Speaking very generally, people come to the Libertarian Party after thinking logically about issues involving what makes a good and proper government (it sure isn't because they want to be on the winning side of elections). So thinking logically, every human being has an origin. Every person has a birthdate, but each person existed before his or her birth, living and growing within the womb. The only logical point of origin for an individual human being is the moment when a sperm cell fertilizes an egg. Before that moment, a sperm cell is just a sperm cell. An egg is just an egg. But when the two join, an individual human being is created with all the requisite chromosomes and DNA. Therefore, if each individual human being has the inalienable right to life (inalienable meaning inherent or from God), then he or she obtains that right at this moment of origin. It is government's primary responsibility to protect that right from that moment forward in the same way it protects that right for all of us (by creating laws against murder, etc.).

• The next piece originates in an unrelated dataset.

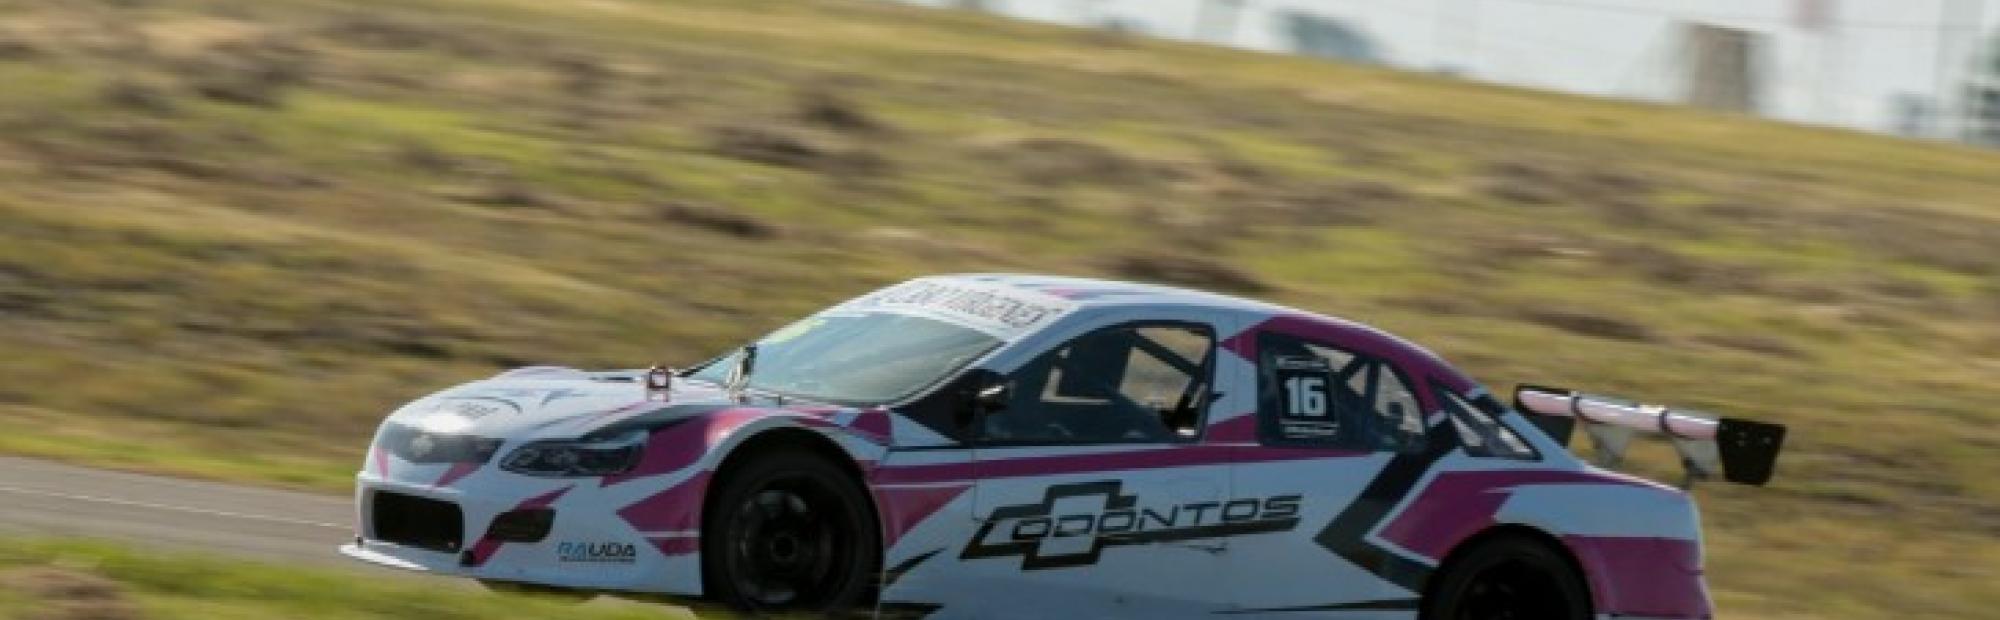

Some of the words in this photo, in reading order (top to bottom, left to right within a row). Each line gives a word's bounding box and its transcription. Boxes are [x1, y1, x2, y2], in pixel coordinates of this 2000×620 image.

[1285, 377, 1326, 416] 16
[1012, 494, 1303, 541] ODONTOS
[557, 541, 636, 559] RAUDA
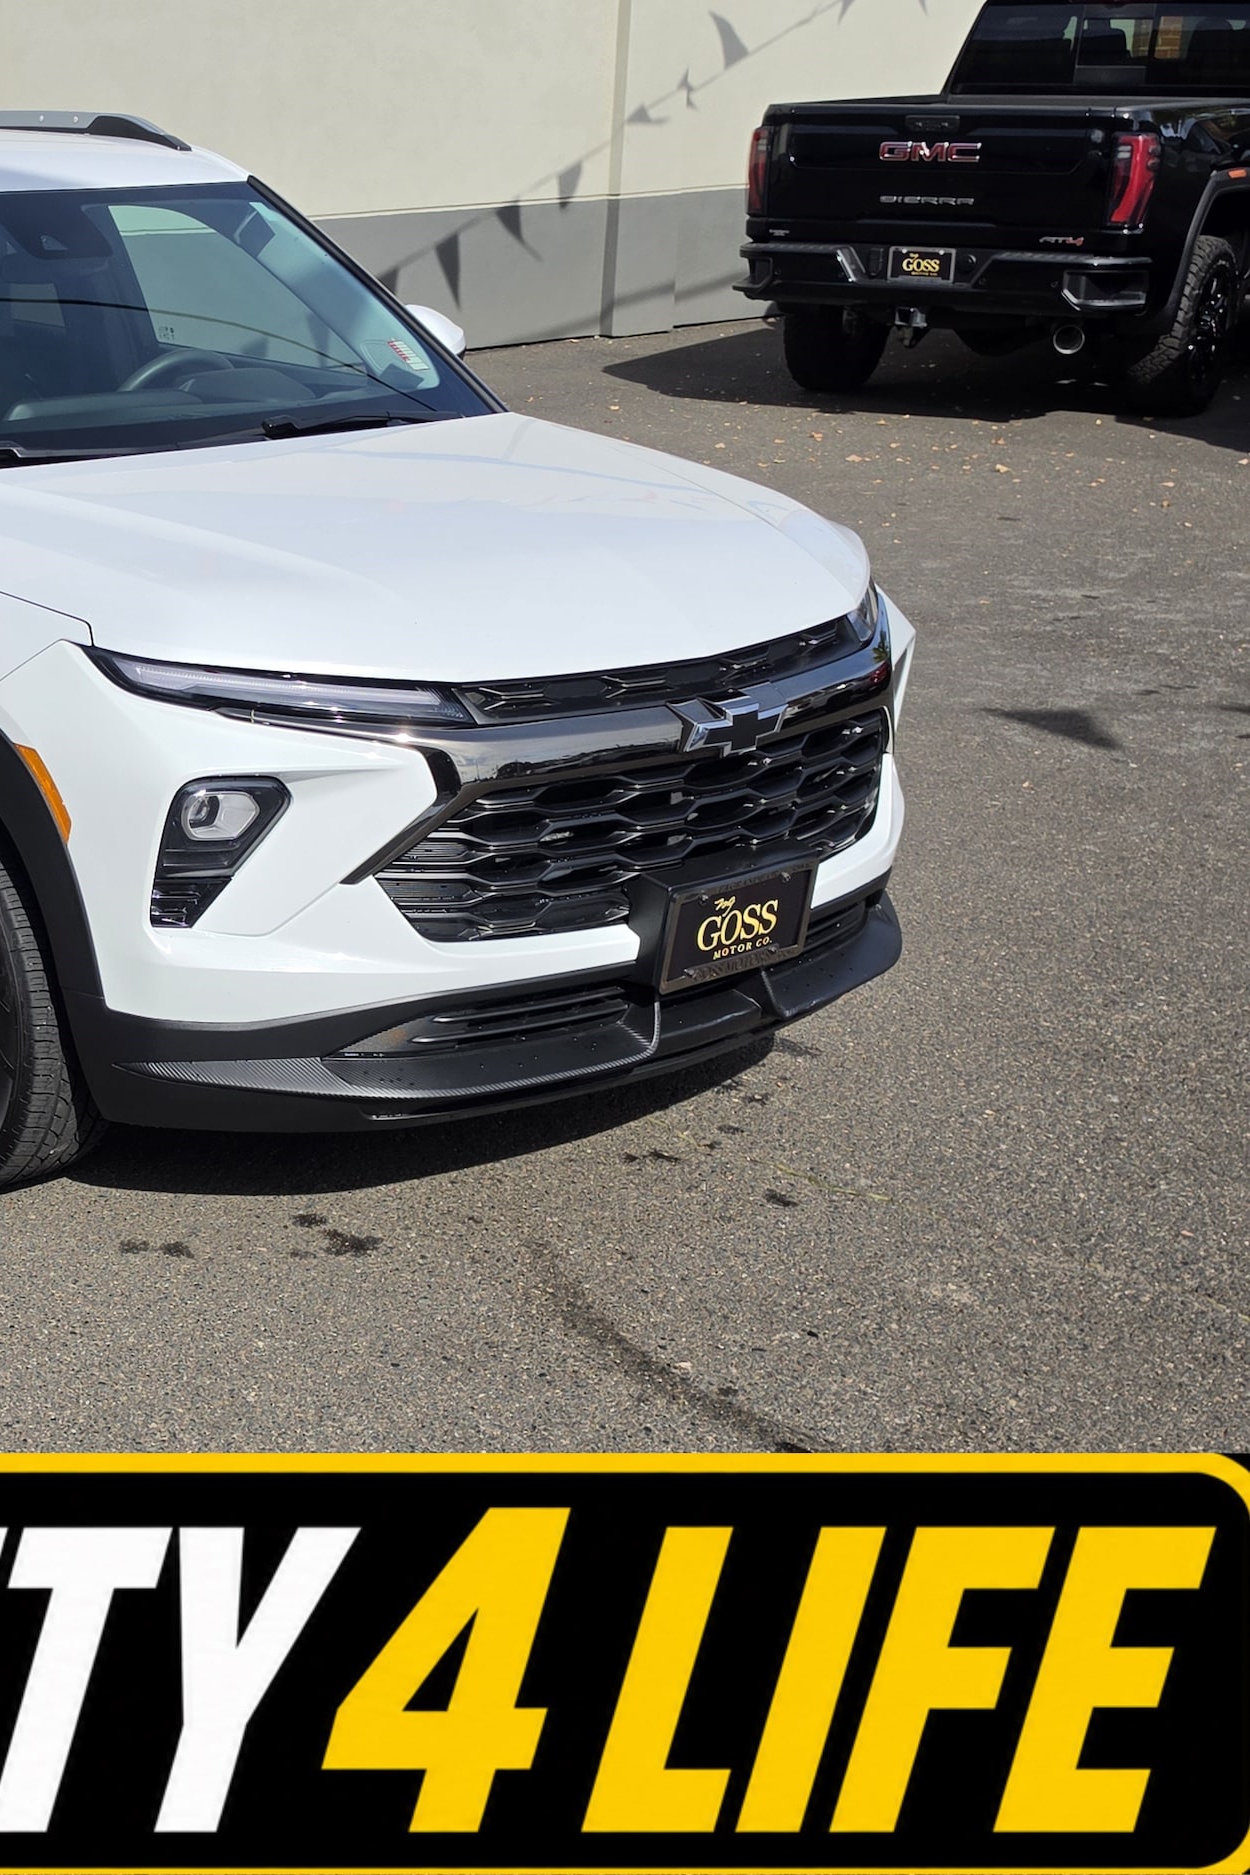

Government must extend that responsibility to all human beings, regardless of the circumstances of a person's origin. Conventional pro-lifers and/or Republicans who claim to be against abortion except in cases of rape or incest (i.e. our current governor Rick Perry) display a fundamental misunderstanding of the issue and give the pro-abortion lobby more ammunition against the "pro-life" movement than it otherwise would have. When someone says that he is against abortion except in cases of rape, incest, maternal health, etc., one really says that he doesn't want people who engage in sexual activity outside of marriage to escape the "punishment" of having a baby, etc. Those who are pregnant as a result of rape or incest didn't choose to engage in sex outside of marriage; therefore, they can go ahead and get rid of their baby. It is this attitude that led to Obama, the most pro-abortion president this country has ever had, saying that he didn't want his daughter punished with a baby. This faulty "pro-life" thinking serves to keep dehumanizing the unborn child, which is the ultimate goal of the pro-abortion lobby and the abortion industry.
Now, government has no place in the de facto regulation of the sexual behavior of consenting adults. People should have the liberty to engage in personal relationships and to choose their own sexual practices without government intervention. If people are not free to make bad choices, then people are not really free. This liberty also means that people must take responsibility for their actions, especially if those actions result in the creation of another human being (and by responsibility, I mean that they don't murder their baby). But the child who is conceived as a result of a rape is still a human being with the same inalienable right to life as any other person.
To be truly pro-life is to respect the personhood of every human being, from the point of fertilization to natural death. Two factors sparked my journey to libertarianism: 1) our current government has greatly overstepped its bounds by not only not protecting the right to liberty and property but by trampling on it itself via excessive taxation and redistribution; and 2) my dissatisfaction with the Republican Party's non-personhood approach to the abortion issue. It is my hope that more Libertarians will see the logic behind personhood and work toward a government that protects the right to life, liberty, and property for all human beings and limits itself to that.